### [Exercise aim]
Omit the images, then print each record below exactly as it reads.

### [The data]
--------------------

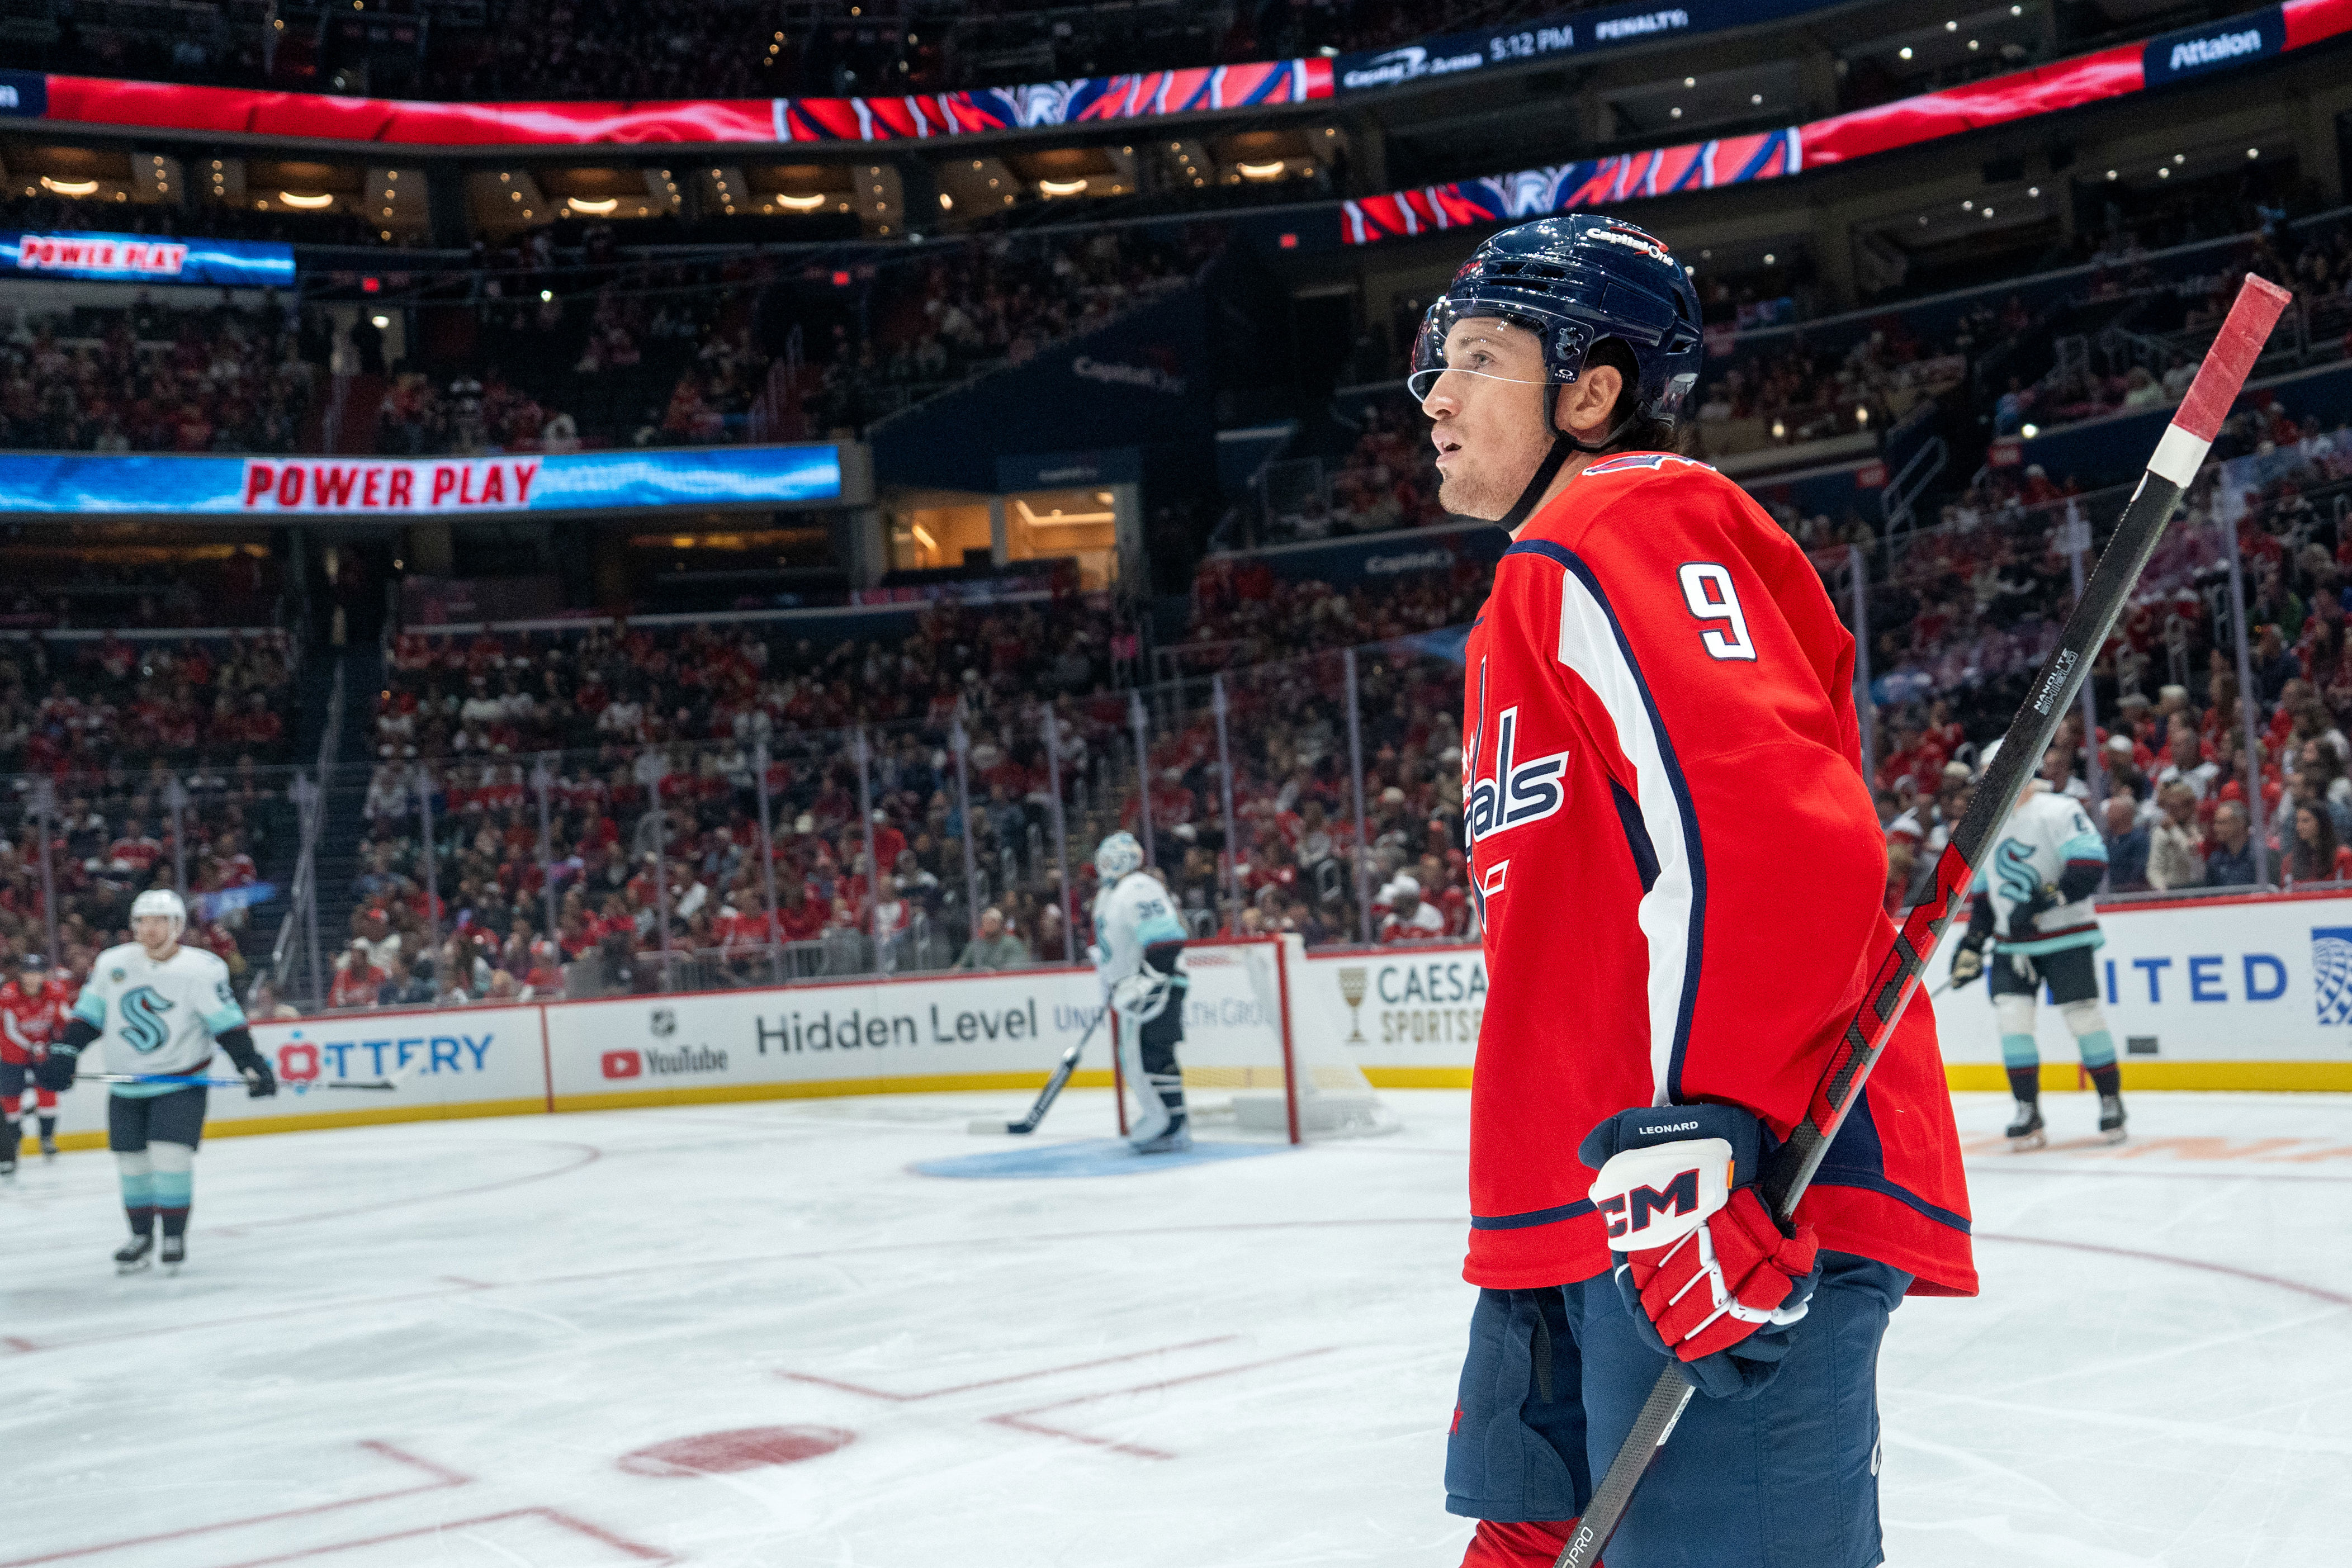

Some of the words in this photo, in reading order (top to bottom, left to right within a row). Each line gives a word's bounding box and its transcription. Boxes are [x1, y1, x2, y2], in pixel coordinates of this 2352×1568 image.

[1489, 32, 1535, 61] 5:12
[1537, 25, 1573, 52] PM
[2169, 29, 2262, 70] Attalon
[18, 235, 115, 271] POWER
[122, 241, 188, 275] PLAY
[243, 459, 416, 511] POWER
[429, 456, 541, 510] PLAY
[1676, 561, 1758, 662] 9
[2033, 647, 2069, 710] NANOLITE
[2039, 650, 2079, 716] SHIELD
[1377, 960, 1488, 1003] CAESA
[2104, 953, 2289, 1005] ITED
[756, 1009, 917, 1056] Hidden
[930, 996, 1039, 1045] Level
[1380, 1008, 1484, 1045] SPORTS
[277, 1034, 494, 1082] OTTERY
[644, 1042, 729, 1077] YouTube
[1639, 1120, 1699, 1135] LEONARD
[1597, 1168, 1700, 1239] CM
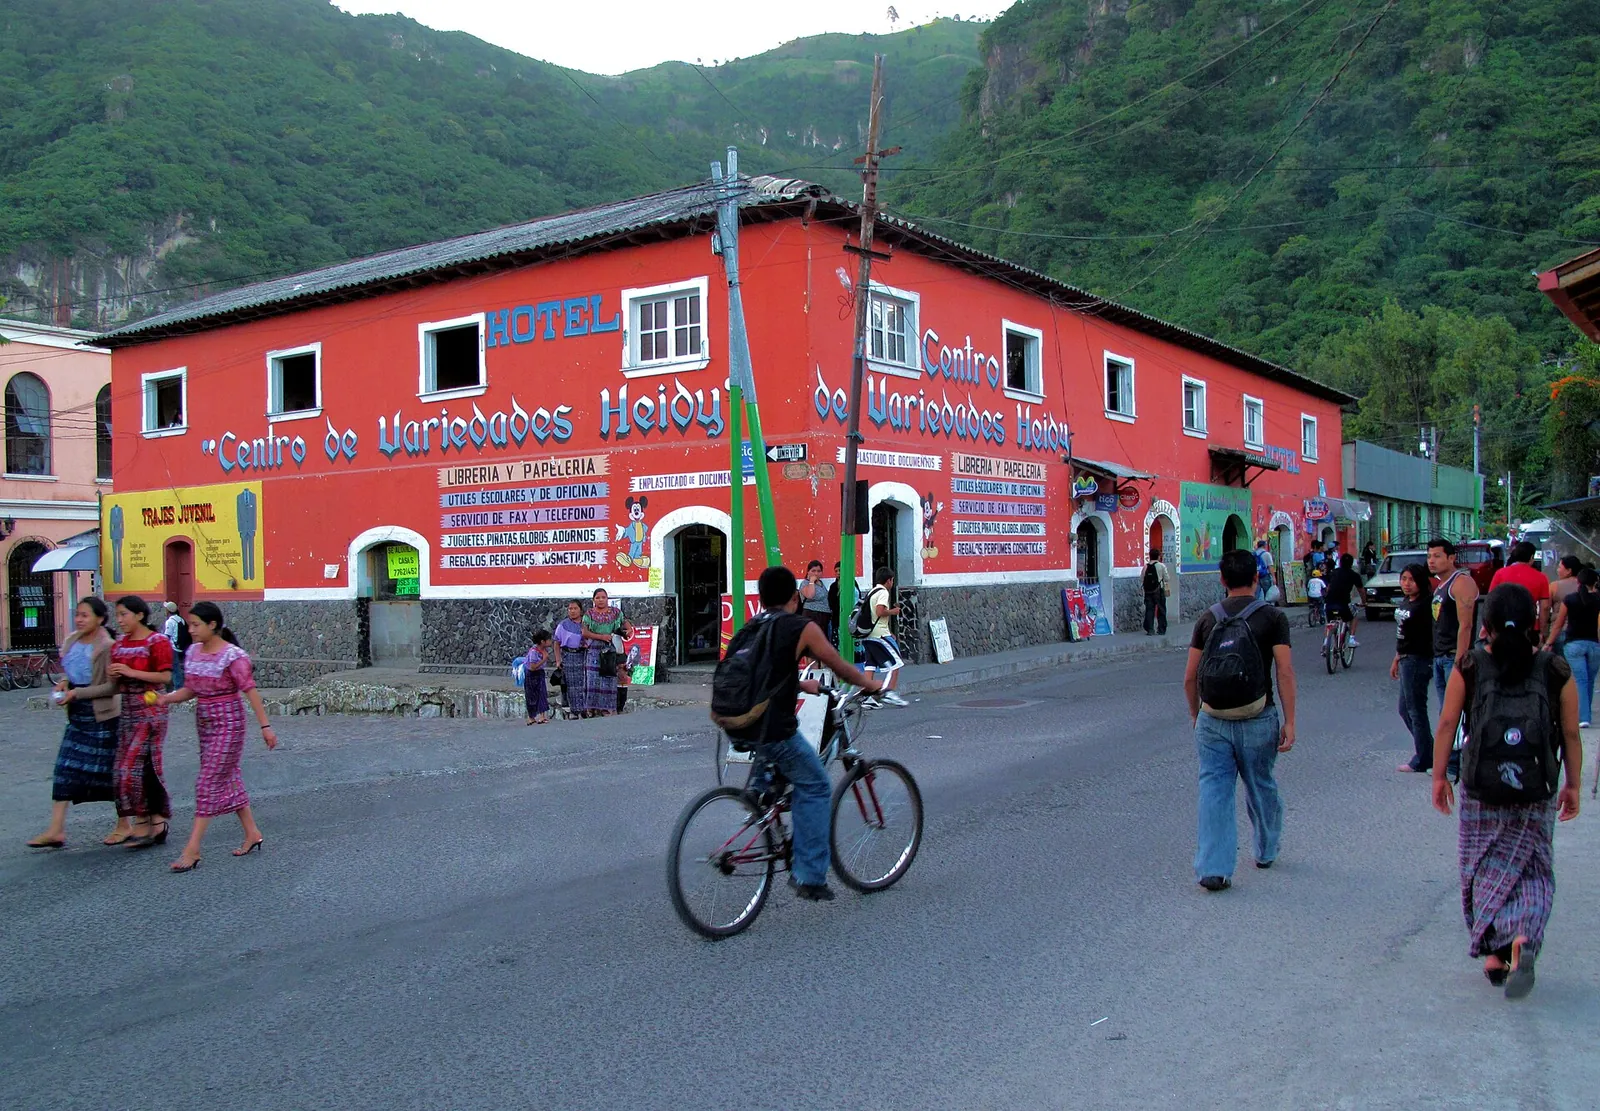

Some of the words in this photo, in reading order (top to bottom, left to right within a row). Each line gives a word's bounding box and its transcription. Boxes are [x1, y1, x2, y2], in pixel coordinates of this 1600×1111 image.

[486, 295, 620, 347] HOTEL
[922, 329, 1000, 388] Centro
[814, 363, 848, 422] de
[867, 375, 1006, 443] Variedades
[324, 415, 358, 462] de
[378, 393, 574, 457] Variedades
[889, 454, 896, 465] DE
[958, 455, 993, 475] LIBRERIA
[994, 460, 1001, 476] Y
[1003, 461, 1042, 480] PAPELERIA
[448, 465, 500, 486] LIBRERIA
[506, 465, 514, 481] Y
[523, 457, 596, 479] PAPELERIA
[448, 493, 477, 506] UTILES
[481, 489, 526, 504] ESCOLARES
[530, 488, 537, 500] Y
[540, 487, 551, 500] DE
[556, 484, 598, 499] OFICINA
[956, 480, 974, 492] UTILES
[975, 481, 1003, 495] ESCOLARES
[1005, 484, 1009, 495] Y
[1011, 484, 1018, 495] DE
[1019, 485, 1041, 496] OFICINA
[958, 501, 985, 513] SERVICIO
[988, 502, 995, 513] DE
[997, 503, 1008, 514] FAX
[1011, 504, 1015, 514] Y
[1018, 504, 1043, 515] TELEFONO
[1099, 495, 1115, 505] tigo
[142, 505, 175, 528] TRAJES
[177, 503, 216, 525] JUVENIL
[451, 513, 489, 527] SERVICIO
[492, 511, 503, 525] DE
[509, 511, 528, 524] FAX
[534, 510, 541, 521] Y
[545, 507, 595, 521] TELEFONO
[552, 529, 596, 543] ADORNOS
[1020, 523, 1040, 534] ADORNOS
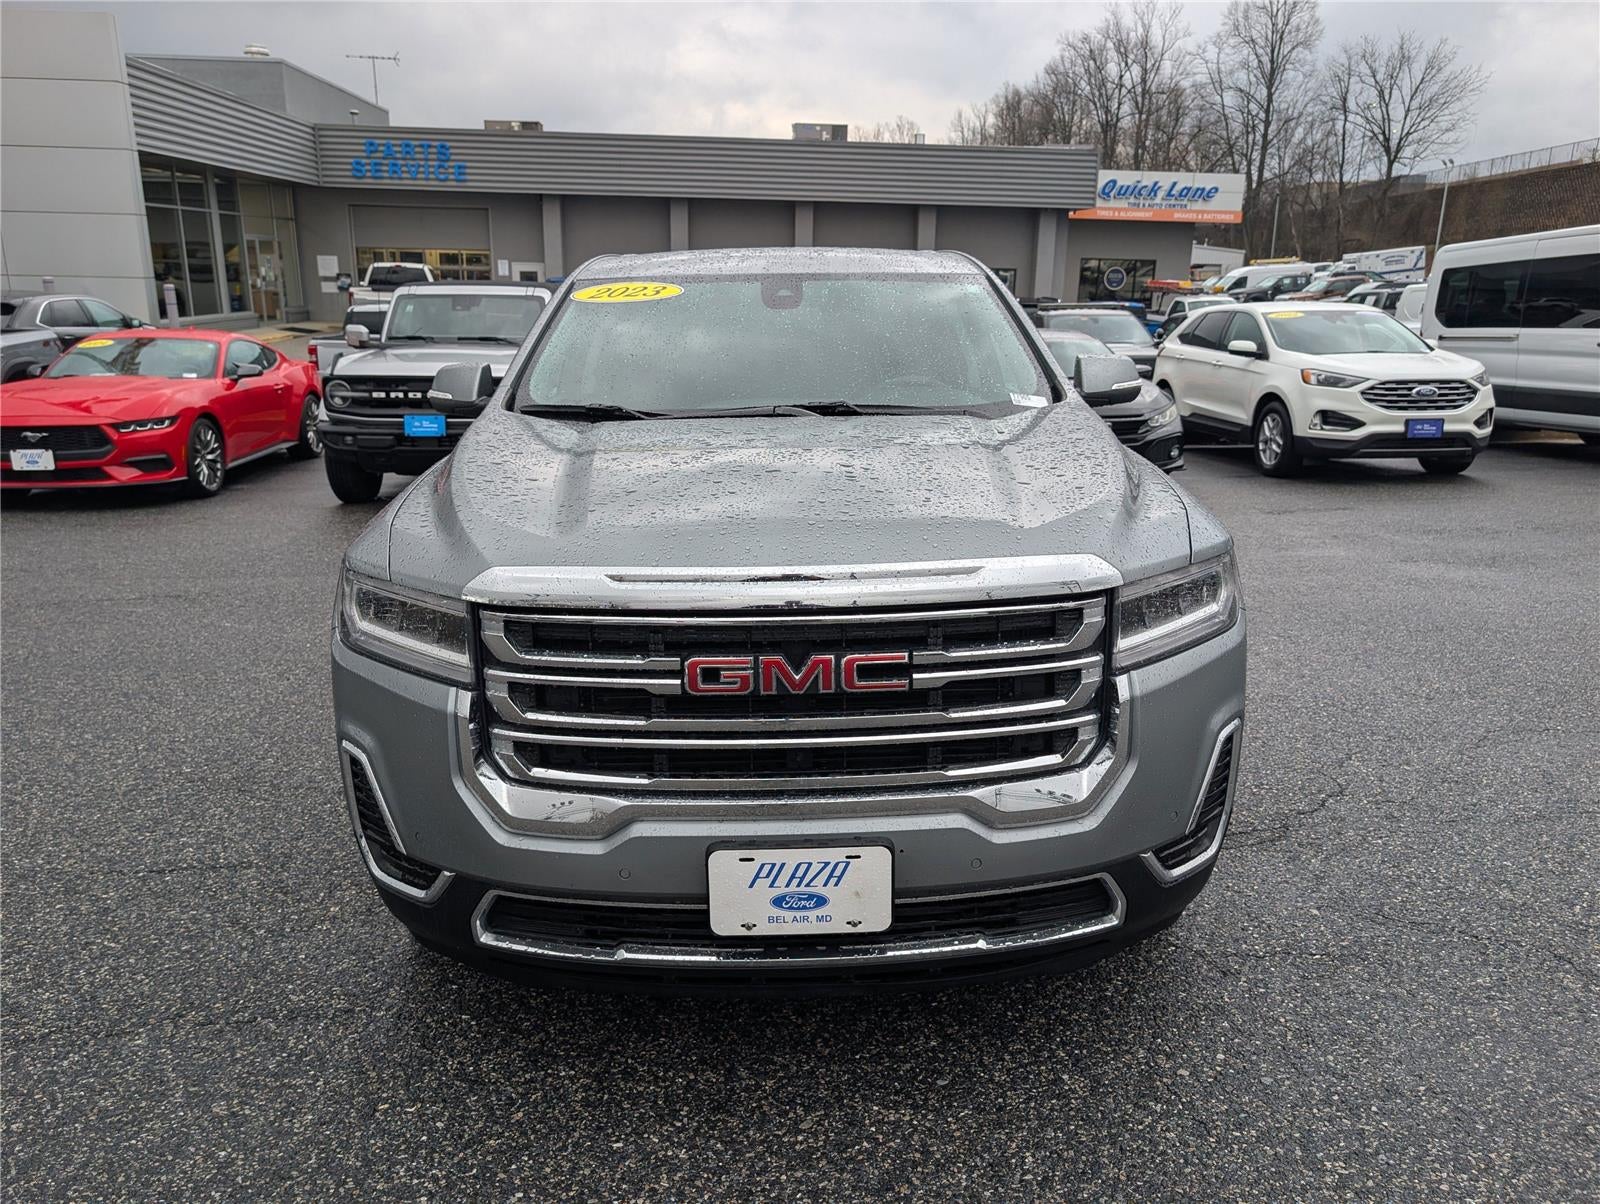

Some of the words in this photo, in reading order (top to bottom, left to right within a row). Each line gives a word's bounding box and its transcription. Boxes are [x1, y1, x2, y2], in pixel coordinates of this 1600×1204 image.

[364, 140, 450, 160] PARTS
[352, 159, 468, 181] SERVICE
[1100, 179, 1162, 200] Quick
[1166, 181, 1219, 200] Lane
[588, 286, 667, 299] 2023
[685, 652, 909, 695] GMC
[748, 861, 851, 888] PLAZA
[782, 894, 817, 908] Ford
[767, 915, 790, 924] BEL
[791, 915, 813, 925] AIR,
[816, 915, 832, 924] MD

--------------------

### [Solution to this exercise]
Some of the words in this photo, in reading order (top to bottom, left to right within a row). Each line gives a word's bounding box and its transcription. Boxes are [x1, y1, x2, y2], in pixel coordinates of this 2352×1568 image.

[1489, 32, 1535, 61] 5:12
[1537, 25, 1573, 52] PM
[2169, 29, 2262, 70] Attalon
[18, 235, 115, 271] POWER
[122, 241, 188, 275] PLAY
[243, 459, 416, 511] POWER
[429, 456, 541, 510] PLAY
[1676, 561, 1758, 662] 9
[2033, 647, 2069, 710] NANOLITE
[2039, 650, 2079, 716] SHIELD
[1377, 960, 1488, 1003] CAESA
[2104, 953, 2289, 1005] ITED
[756, 1009, 917, 1056] Hidden
[930, 996, 1039, 1045] Level
[1380, 1008, 1484, 1045] SPORTS
[277, 1034, 494, 1082] OTTERY
[644, 1042, 729, 1077] YouTube
[1639, 1120, 1699, 1135] LEONARD
[1597, 1168, 1700, 1239] CM

Some of the words in this photo, in reading order (top to bottom, left to right within a row). Each line gives a word's bounding box and its transcription. Boxes are [x1, y1, x2, y2], in pixel coordinates of this 1600×1111 image.

[486, 295, 620, 347] HOTEL
[922, 329, 1000, 388] Centro
[814, 363, 848, 422] de
[867, 375, 1006, 443] Variedades
[324, 415, 358, 462] de
[378, 393, 574, 457] Variedades
[889, 454, 896, 465] DE
[958, 455, 993, 475] LIBRERIA
[994, 460, 1001, 476] Y
[1003, 461, 1042, 480] PAPELERIA
[448, 465, 500, 486] LIBRERIA
[506, 465, 514, 481] Y
[523, 457, 596, 479] PAPELERIA
[448, 493, 477, 506] UTILES
[481, 489, 526, 504] ESCOLARES
[530, 488, 537, 500] Y
[540, 487, 551, 500] DE
[556, 484, 598, 499] OFICINA
[956, 480, 974, 492] UTILES
[975, 481, 1003, 495] ESCOLARES
[1005, 484, 1009, 495] Y
[1011, 484, 1018, 495] DE
[1019, 485, 1041, 496] OFICINA
[958, 501, 985, 513] SERVICIO
[988, 502, 995, 513] DE
[997, 503, 1008, 514] FAX
[1011, 504, 1015, 514] Y
[1018, 504, 1043, 515] TELEFONO
[1099, 495, 1115, 505] tigo
[142, 505, 175, 528] TRAJES
[177, 503, 216, 525] JUVENIL
[451, 513, 489, 527] SERVICIO
[492, 511, 503, 525] DE
[509, 511, 528, 524] FAX
[534, 510, 541, 521] Y
[545, 507, 595, 521] TELEFONO
[552, 529, 596, 543] ADORNOS
[1020, 523, 1040, 534] ADORNOS

Some of the words in this photo, in reading order (top to bottom, left to right within a row). Each line gives a word's bounding box and its transcription. Boxes are [x1, y1, x2, y2], in pixel coordinates of this 1600×1204 image.

[364, 140, 450, 160] PARTS
[352, 159, 468, 181] SERVICE
[1100, 179, 1162, 200] Quick
[1166, 181, 1219, 200] Lane
[588, 286, 667, 299] 2023
[685, 652, 909, 695] GMC
[748, 861, 851, 888] PLAZA
[782, 894, 817, 908] Ford
[767, 915, 790, 924] BEL
[791, 915, 813, 925] AIR,
[816, 915, 832, 924] MD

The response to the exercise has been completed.